# Retinal Capillary Density Reduction Contributes to Dysthyroid Optic Neuropathy via an L‐Arginine‐NO Pathway: A Metabonomics and Clinical Trial Study

**Authors:** Yunhai Tu, Congcong Yan, Lu Chen, Weijie Liu, Xiaozhou Hu, Mengyuan Gao, Wei Rao, Jiayi Zhang, Junye Zhu, Hui Wu, Kang Zhang, Meng Zhou, Wencan Wu

PMC · DOI: 10.1002/mco2.70652 · MedComm · 2026-03-04

## TL;DR

Reduced retinal capillary density in dysthyroid optic neuropathy is linked to L-arginine and nitric oxide pathway dysfunction, with potential treatment using oral L-arginine.

## Contribution

Identifies L-arginine-NO pathway as a novel mechanism in dysthyroid optic neuropathy and suggests oral L-arginine as a potential treatment.

## Key findings

- DON patients show reduced retinal capillary density and elevated pulse pressure.
- Metabolomic profiling reveals dysregulation in the L-arginine metabolic pathway in DON.
- Oral L-arginine treatment improves retinal capillary density and visual function in early-stage DON.

## Abstract

Dysthyroid optic neuropathy (DON) is the most severe complication of thyroid‐associated ophthalmopathy (TAO). Although recent evidence indicates that reduced retinal capillary density (RCD) may increase DON risk independently of orbital apex crowding, the underlying mechanisms and associated metabolic reprogramming remain unclear. In a retrospective analysis of TAO patients with and without DON, those with DON demonstrated elevated pulse pressure (PP), decreased RCD, and higher incidences of dyslipidemia, hyperglycemia, and internal carotid artery calcification.
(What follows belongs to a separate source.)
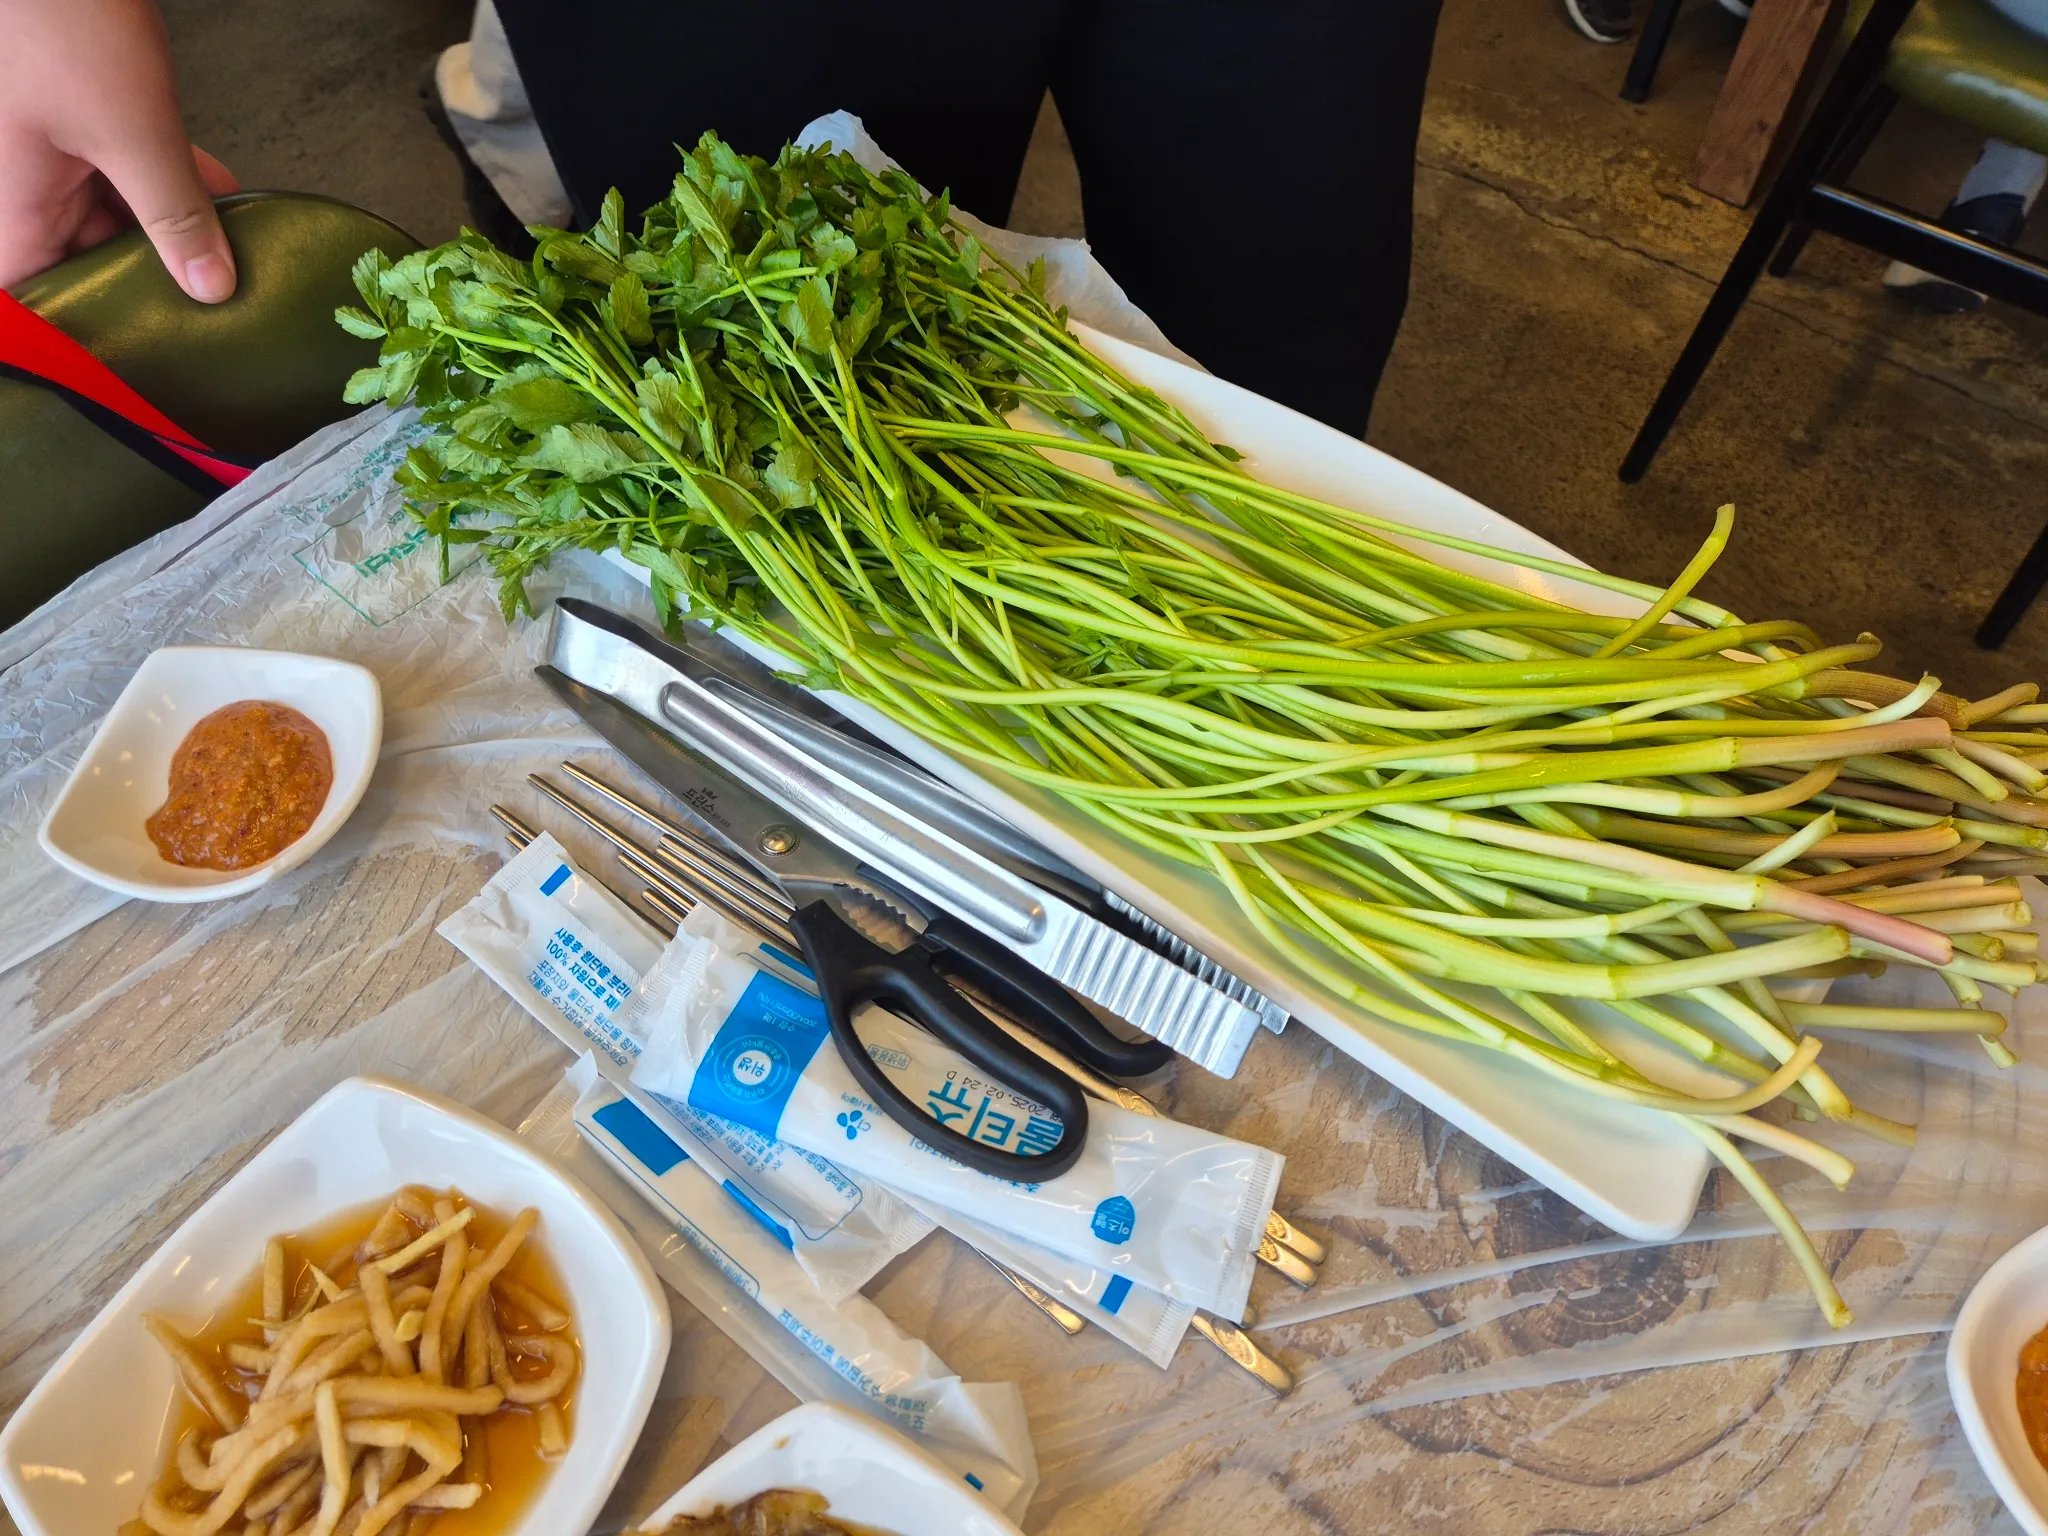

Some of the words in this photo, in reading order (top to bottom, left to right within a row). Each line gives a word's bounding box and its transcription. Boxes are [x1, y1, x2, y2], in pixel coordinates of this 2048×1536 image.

To explore the metabolic basis of these findings, untargeted and targeted metabolomic profiling of plasma from TAO patients and healthy controls was conducted, identifying DON‐associated abnormalities in the L‐arginine metabolic pathway (registration number: ChiCTR2000035598). Integrating these results with existing literature suggests that oxidative stress drives dysregulated L‐arginine–nitric oxide (NO) metabolism, contributing to progressive RCD loss. In early‐stage DON patients treated with oral L‐arginine, improvements in RCD, PP, and visual function were observed (registration number: ChiCTR2300076962). Further analyses implicated reduced NO bioavailability, due to L‐arginine depletion and endothelial NO synthase (eNOS) uncoupling, as a key contributor to declining RCD. Given that oral L‐arginine can improve PP via NO‐mediated pathways in cardiovascular disease, our findings offer a promising new therapeutic direction for DON management.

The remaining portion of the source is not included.